Roanoke Times Copyright (c) 1995, Landmark Communications, Inc. DATE: SATURDAY, February 9, 1991 TAG: 9102090323 SECTION: NATIONAL/INTERNATIONAL PAGE: A-1 EDITION: METRO SOURCE: Cox News Service DATELINE: DHAHRAN, SAUDI ARABIA LENGTH: Medium
With the timing of a ground offensive the over-arching question of the day, military spokesmen said the air war has destroyed about 600 Iraqi tanks and 400 artillery pieces.
Another 13 Iraqi aircraft made it safely out of Iraq to Iran, the spokesman said, bringing to 147 the number that had escaped since the start of the war.
The ground invasion "could start today, it could start in a month," said Prince Khalid bin Sultan of Saudi Arabia, the operation's chief Arab commander. However, officers at the Pentagon and in Saudi Arabia contended the desert war was unlikely to begin until after Iraqi forces have been bombed for two more weeks or so.
Pentagon officials said they want to use air power to further reduce the fighting capability of Iraqi forces before the ground offensive begins. The delay would also allow late-arriving U.S. units to become battle-ready.
The 3rd Armored Division, just in from Germany, is still without all its tanks and helicopters. "We're the last division to come into the country so we just aren't ready yet," said division commander Maj. Gen. Paul Funk. He added he's "prepared to go to war with what I've got."
In Riyadh, Cheney and Gen. Colin Powell, chairman of the Joint Chiefs of Staff, were met at the airport by Gen. Schwarzkopf to begin two days of meetings. Cheney and Powell will return to Washington Sunday and meet Monday with President Bush to decide when to begin an allied ground assault to liberate Kuwait.
Meanwhile, Iraq again promised a bloody battle keep to its captured territory.
"Iraq and its leader will not make peace with infidels," said Radio Baghdad, speaking for President Saddam Hussein.
The Iraqi station said Bush and King Fahd of Saudi Arabia would be held accountable for Iraqi deaths caused by allied bombing. "The curse will haunt them and their families until doomsday," it promised.
A contrasting portrait of enemy resolve has been painted by defecting Iraqi soldiers and prisoners of war, said Gen. Khalid. They told of "execution battalions" stationed behind the front-line troops to kill deserters and of informers whose duty is to report on likely defectors, he said.
In London, British Defense Secretary Tom King predicted mass surrenders as bombers intensify their attack on Iraqi positions along the Kuwaiti-Saudi border.
The air war is now aimed at destroying entrenched forces in the Kuwait theater of operation, known as the KTO.
The KTO was hit with 600 aerial missions Friday, including 150 against the elite Republican Guard.
Military officers estimated the air war has knocked out at least 10 percent of the Iraqi tanks and artillery pieces and reduced the flow of enemy supplies to front-line troops by 90 percent.

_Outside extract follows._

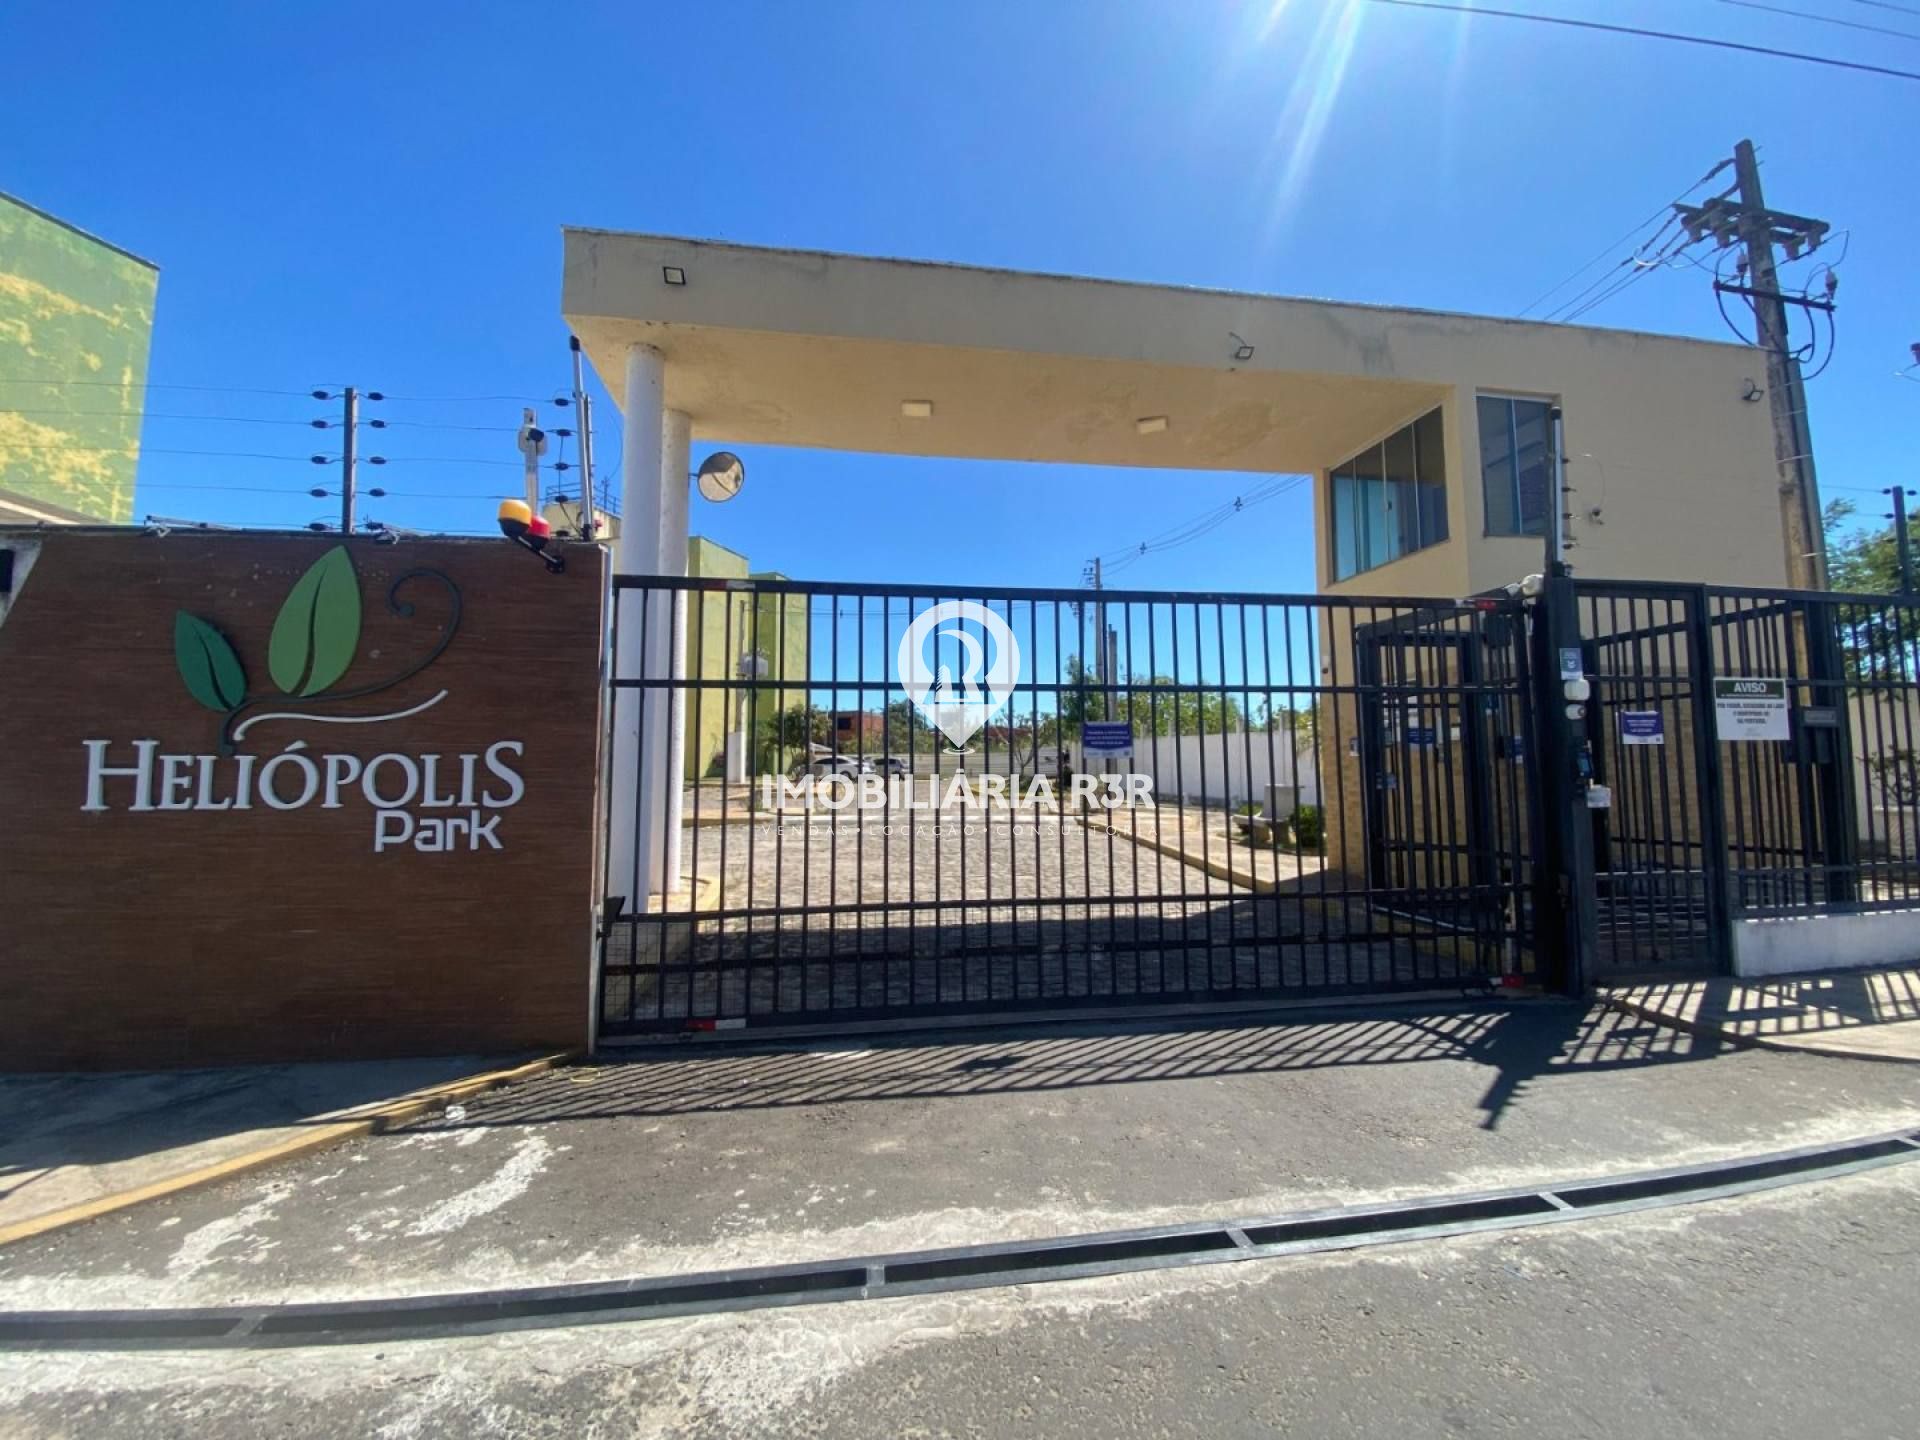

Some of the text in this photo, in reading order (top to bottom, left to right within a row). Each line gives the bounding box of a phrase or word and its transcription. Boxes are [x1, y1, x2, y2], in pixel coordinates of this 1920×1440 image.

[1733, 682, 1767, 693] AVISO
[80, 739, 525, 811] HELIÓPOLIS
[373, 808, 504, 853] Park

Military analysts believe Iraq started the war with about 5,500 tanks and about 4,000 artillery pieces, some of which are capable of tossing shells more than 20 miles.
The visiting dignitaries seemed pleased with the aerial progress of Operation Desert Storm.
"You are the heart and soul of the most enormously successful air campaign in the history of the world," Cheney told members of the 48th Tactical Bomber Wing.
He discouraged speculation that the ground attack would come sooner rather than later. He emphasized estimates of allied casualties would be a major factor in setting the timetable.
"That has to be the No. 1 priority and it will figure very prominently in the recommendation we make to the president, and I'm sure will figure very prominently in the decision he makes," Cheney said.
"I don't want to be in the business at this point of publicly speculating about a particular date when the next phase of the campaign might begin," Cheney said.